Krish Krishnan: Yeah, I will start with the second one first. Predominantly, derms [ph] is the profile of the community physician, but that varies three two. It could be a dermatologist, some of the patients go to blood transfusion centers, probably getting tired of going to dermatologists and managing palliative at home in the past. But in terms of the start form itself, we like to accept a very high quality stuff. Sometimes we make exceptions when there is an urgent need or a request by the physician. But by and large, the start forms are highly audited. In terms of providing any kind of guidance on how many is in the queue that we’re trying to convert, I think it would be a bit premature, and not right for me to talk about that. But I will say that we expect now with access in place, we expect the pace to be just as good if not better going forward.

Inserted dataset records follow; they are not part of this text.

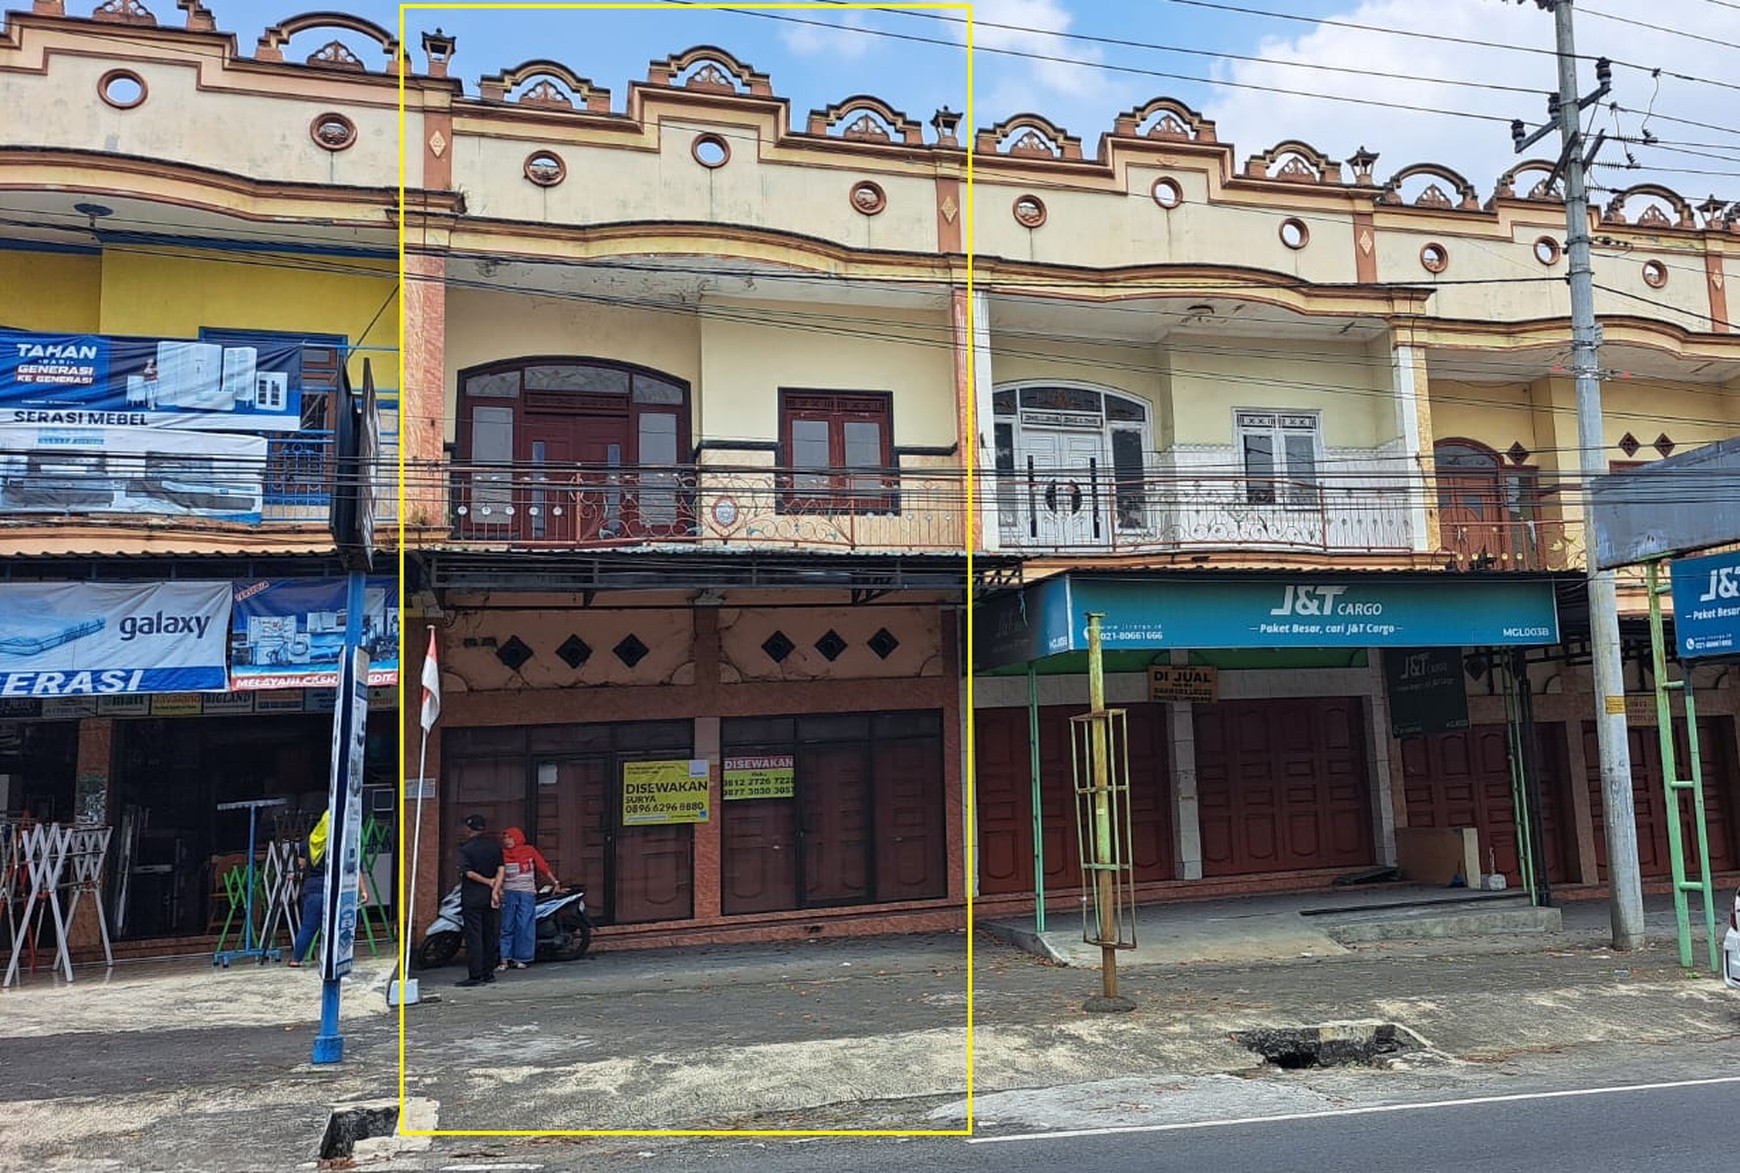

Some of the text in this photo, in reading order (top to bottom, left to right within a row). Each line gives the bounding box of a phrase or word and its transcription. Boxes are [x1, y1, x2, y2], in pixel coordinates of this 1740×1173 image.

[16, 343, 97, 359] TAHAN
[17, 364, 94, 376] GENERASI
[16, 374, 93, 385] KE GENERASI
[14, 410, 148, 425] SERASI MEBEL
[1699, 566, 1740, 602] J&
[1270, 585, 1382, 616] J&T CARGO
[1693, 608, 1717, 621] Paket
[119, 610, 211, 641] galaxy
[1260, 623, 1395, 635] Paket Besar, cari J&T Cargo
[0, 669, 144, 696] ERASI
[236, 676, 300, 689] MELAYANI
[1154, 671, 1212, 683] DI JUAL
[723, 758, 794, 774] DISEWAKAN
[625, 781, 708, 795] DISEWAKAN
[625, 795, 657, 804] SURYA
[625, 803, 651, 814] 0896
[653, 802, 678, 813] 6296
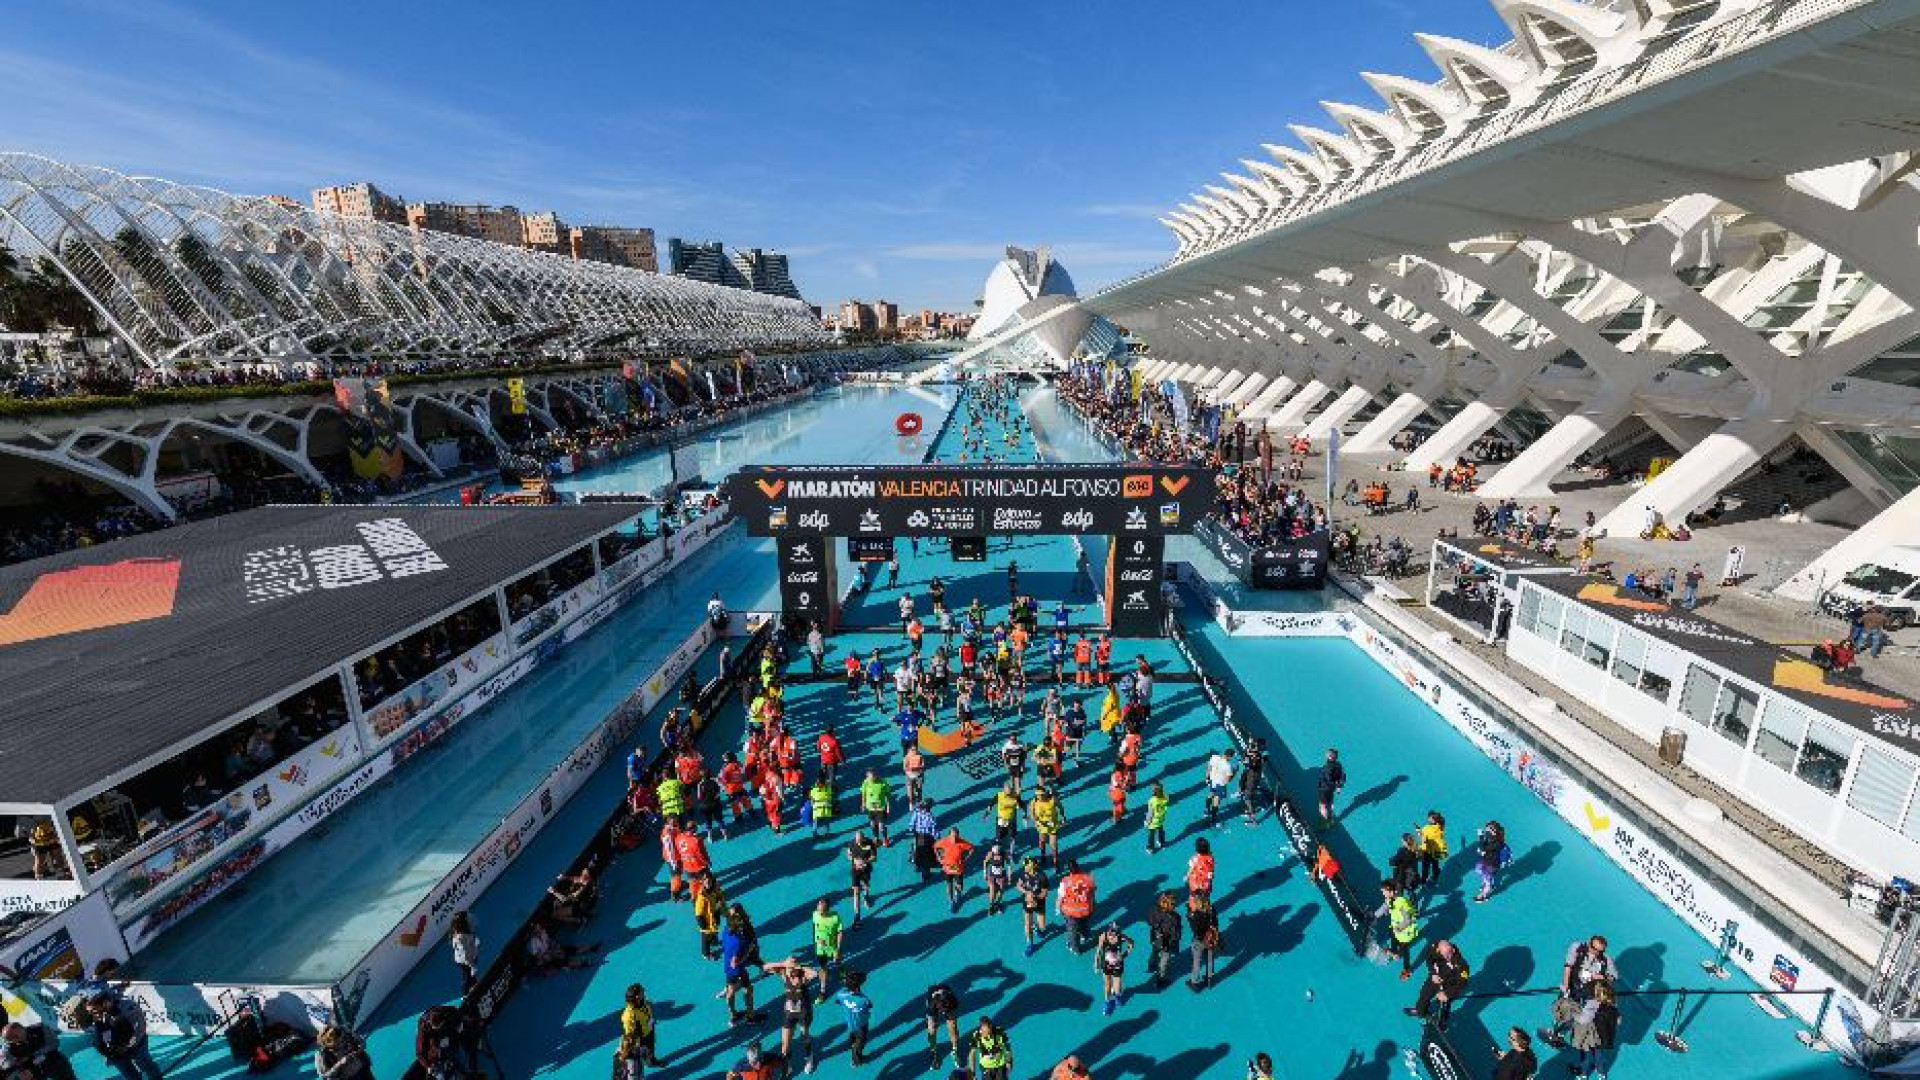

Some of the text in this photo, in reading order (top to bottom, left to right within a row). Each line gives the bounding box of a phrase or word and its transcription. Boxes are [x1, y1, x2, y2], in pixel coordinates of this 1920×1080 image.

[788, 475, 1120, 498] MARATÓN VALENCIA TRINIDAD ALFONSO
[798, 509, 829, 531] edp
[1062, 508, 1094, 531] edp

Ritu Baral: Got it. And then I just wanted to ask a follow up on the persistence rate. How are you defining that 96%, is it patients who are reimbursed and who either skip a week, or are they — are you finding — are you telling patients who skipped like, two weeks I don’t intend to resell and I’m just wondering how that 96% is defined? Thank you.
Krish Krishnan: It’s basically I mean to simplify, look if your look by the week sometimes once in a while somebody misses a visit, for some personal reason or schedule. But most of the patients on drugs today are at four vials a week, whether they’re recessive or dominant. So when I say compliance is really high it means we’re shipping four vials a week to a patient at the moment.

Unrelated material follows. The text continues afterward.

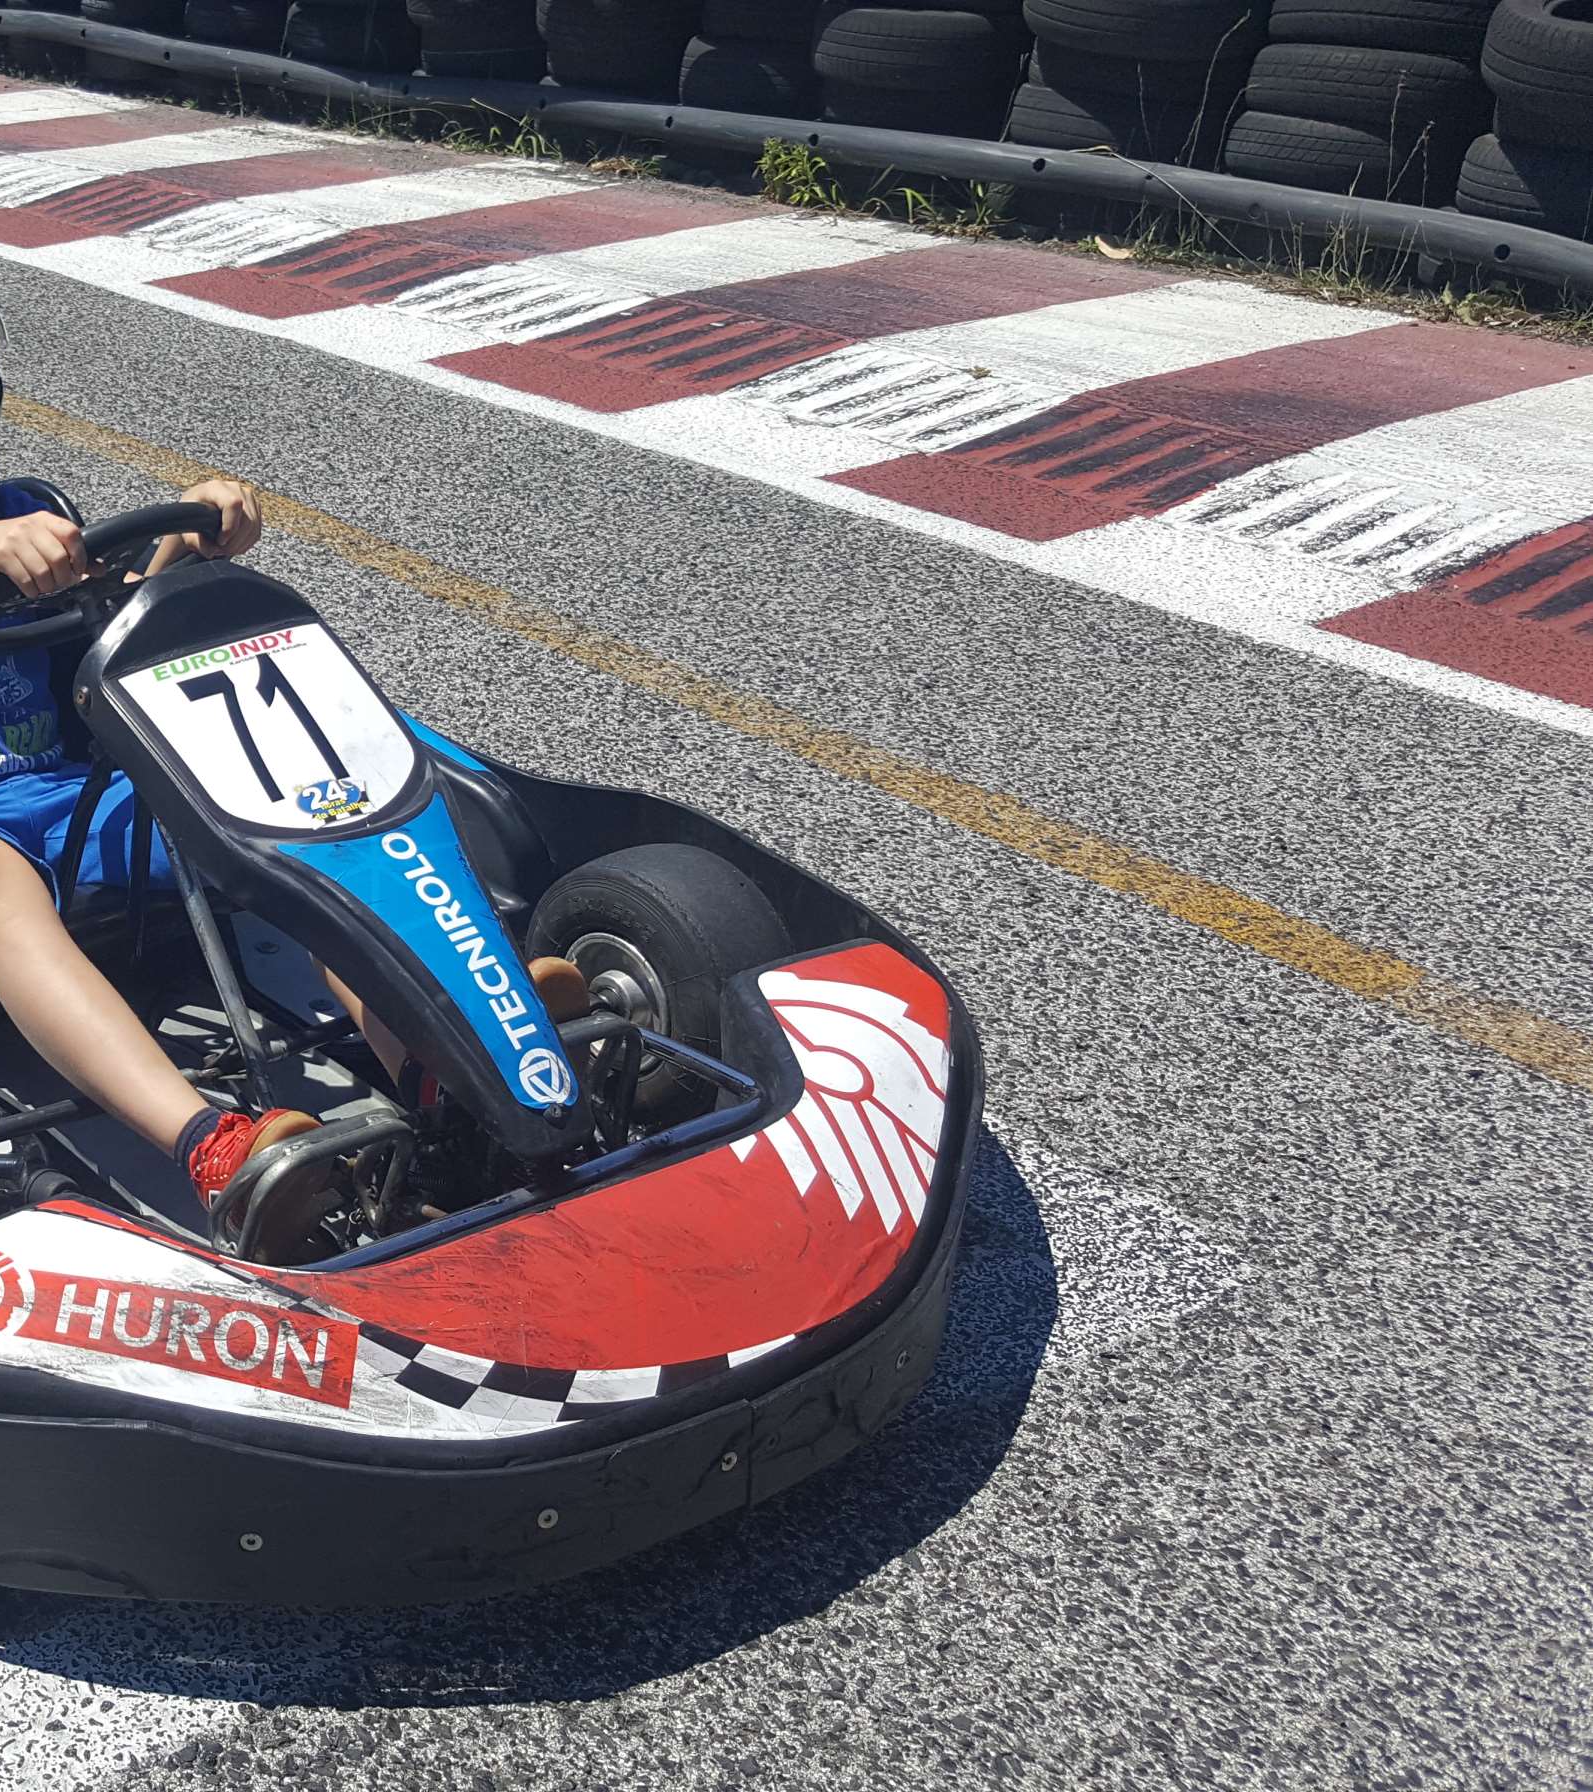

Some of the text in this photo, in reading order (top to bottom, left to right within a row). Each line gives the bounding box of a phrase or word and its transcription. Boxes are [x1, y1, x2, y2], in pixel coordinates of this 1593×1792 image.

Ritu Baral: Got it. Thank you very much.
Krish Krishnan: Four vials a month, I’m sorry. I meant to say month.
Operator: Thank you. The next question comes from a line of Carly Kenselaar with Citigroup. Your line is now open.
Carly Kenselaar: Great, good morning. Thank you for taking my questions. Two questions for me. First, on the reimbursement side, just wondering if there has been any surprises with respect to the policies insurance companies are putting in place, particularly as it relates to the payer process, just anything unexpected there? And then the second question is if you can just remind us what proportion of patients — of the identified patients are tied to Centers of Excellence in the U.S.? Thank you.

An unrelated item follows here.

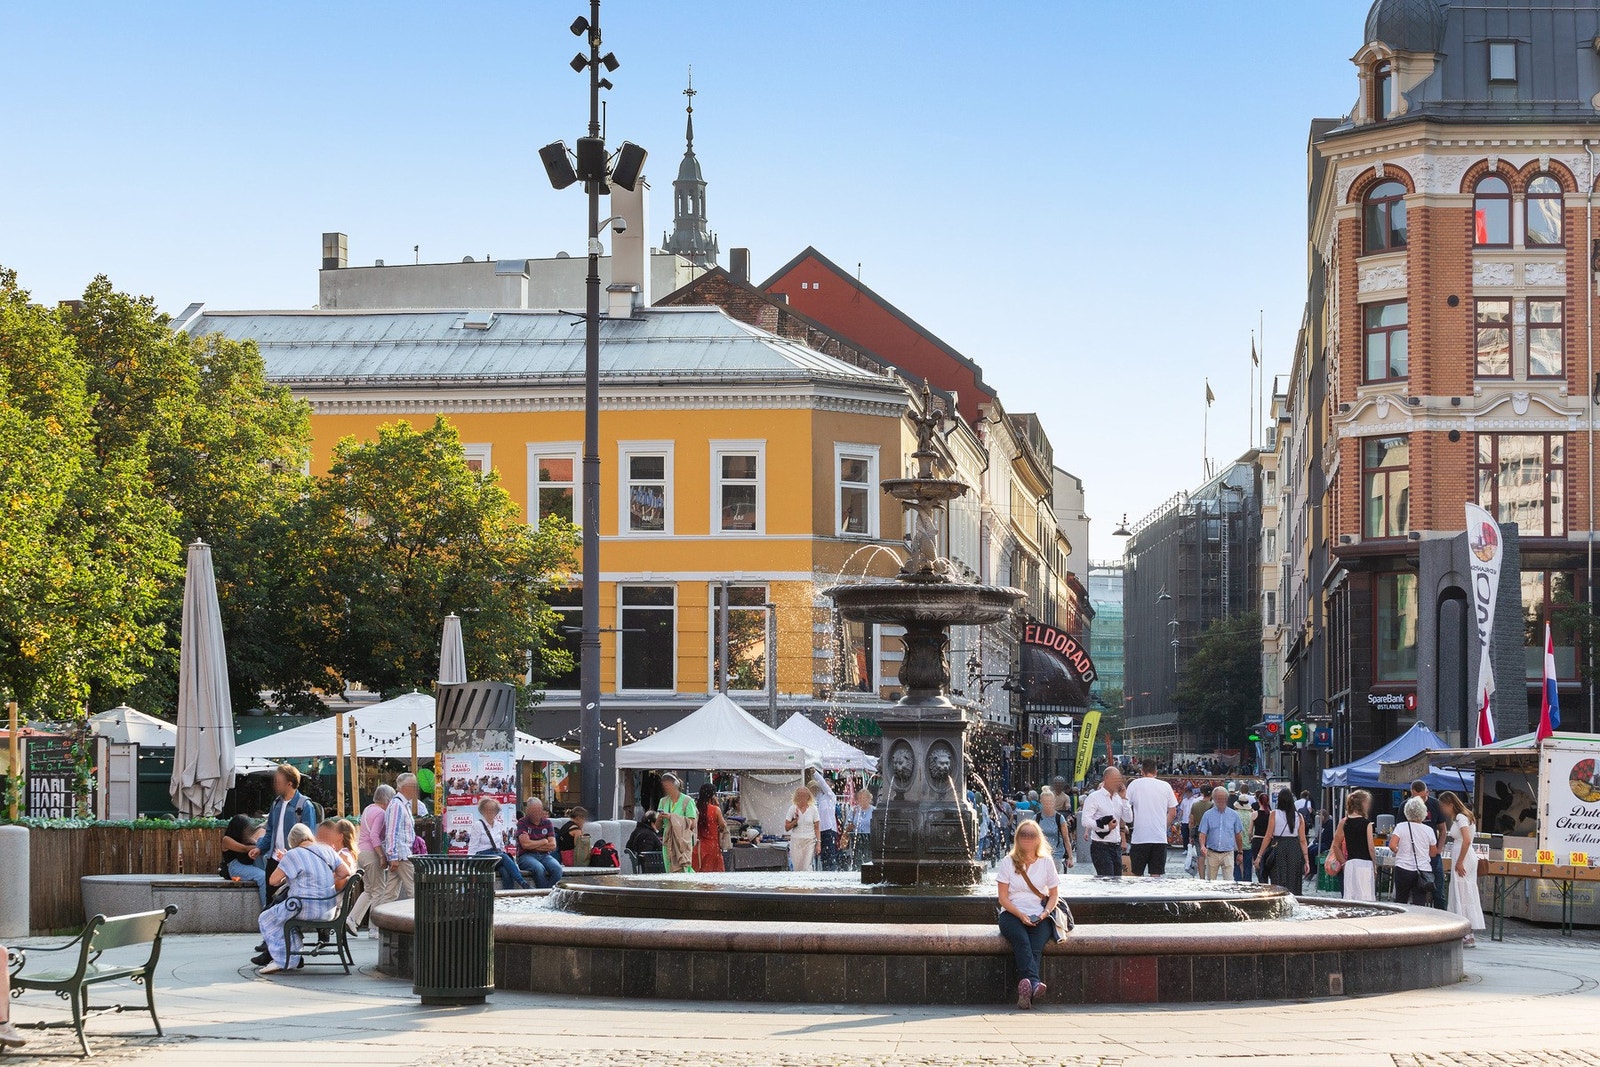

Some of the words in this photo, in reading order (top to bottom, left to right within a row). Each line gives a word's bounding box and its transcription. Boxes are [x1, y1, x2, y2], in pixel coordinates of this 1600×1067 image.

[1025, 624, 1094, 683] ELDORADO
[1367, 694, 1405, 704] SpareBank
[1076, 740, 1089, 775] stadium

Krish Krishnan: On Access Carly, thanks for the question Carly. On Access things have been relatively smooth, there’s nothing unexpected. We have a good system of offering contracts to payers. If they are accepting then they get eligible for the price gap. So both on the commercial side and on the government side, Access has been at a good pace like we’re pleased. We expect to get the J Code finalized, officially published in January, which is I think on time based on when we got approval. So overall, pretty pleased, nothing unexpected. In terms of patients at the Center of Excellence, that’s a great question. It’s a tough one because a lot of patients who once saw or saw a physician at a Center of Excellence, a lot of them are actually stuck and gone back to the local community in the absence of an approved drug.
And so trying, what we like to the way we think about it is the number of active patients present really at the Center of Excellence. And so — which is why, if you look at the start forms for the — if you think about like only 46% came from the Center of Excellence, we believe there is demand left at the Centers of Excellence, limited by the two factors I mentioned. One, physicians wanting to literally have a patient visit prior to getting them on VYJUVEK, which happens in rare diseases are quite a bit. And it’s a tough one to overcome because they’d like to see their patient talk to them about it, at least some of them. And the second is something we’re trying to educate around which is when physicians decide I’m going to put a handful of my patients, see how those works, before opening the gate to the remainder of the patients, and that we disagree a bit with and we’re using our medical affairs to work very closely with these scale ups, to convey the urgency of getting the patient on drugs.
Carly Kenselaar: Okay, that’s very helpful. Thank you.
Operator: Thank you. The next question comes from the line of Dae Gon Ha with Stifle. Your line is now open.
Dae Gon Ha: Hey, good morning, guys. Thanks for taking the question. Thanks for the first call and congrats on the progress Krish. Maybe one more on the VYJUVEK before switching over to KB407. In terms of the third quarter, I guess, can you talk about sort of the cadence of start forms that kind of came in, I know you don’t want to talk about sort of the queue but what can you qualitatively say about that and bearing in mind the holiday season is upon us, is that cadence at all kind of representative you think or at least 20%-30%, how should we think about that from a modeling perspective? And then second question on KB407, just wondering if you can narrow that guidance in 2024, is it closer to ECFS or NACFC and just looking at the competitor’s recent data, it seems like expression of the protein may not necessarily be representative of clinical profile, so can you maybe remind us what’s the differentiation that you think you’re going for? Thanks so much.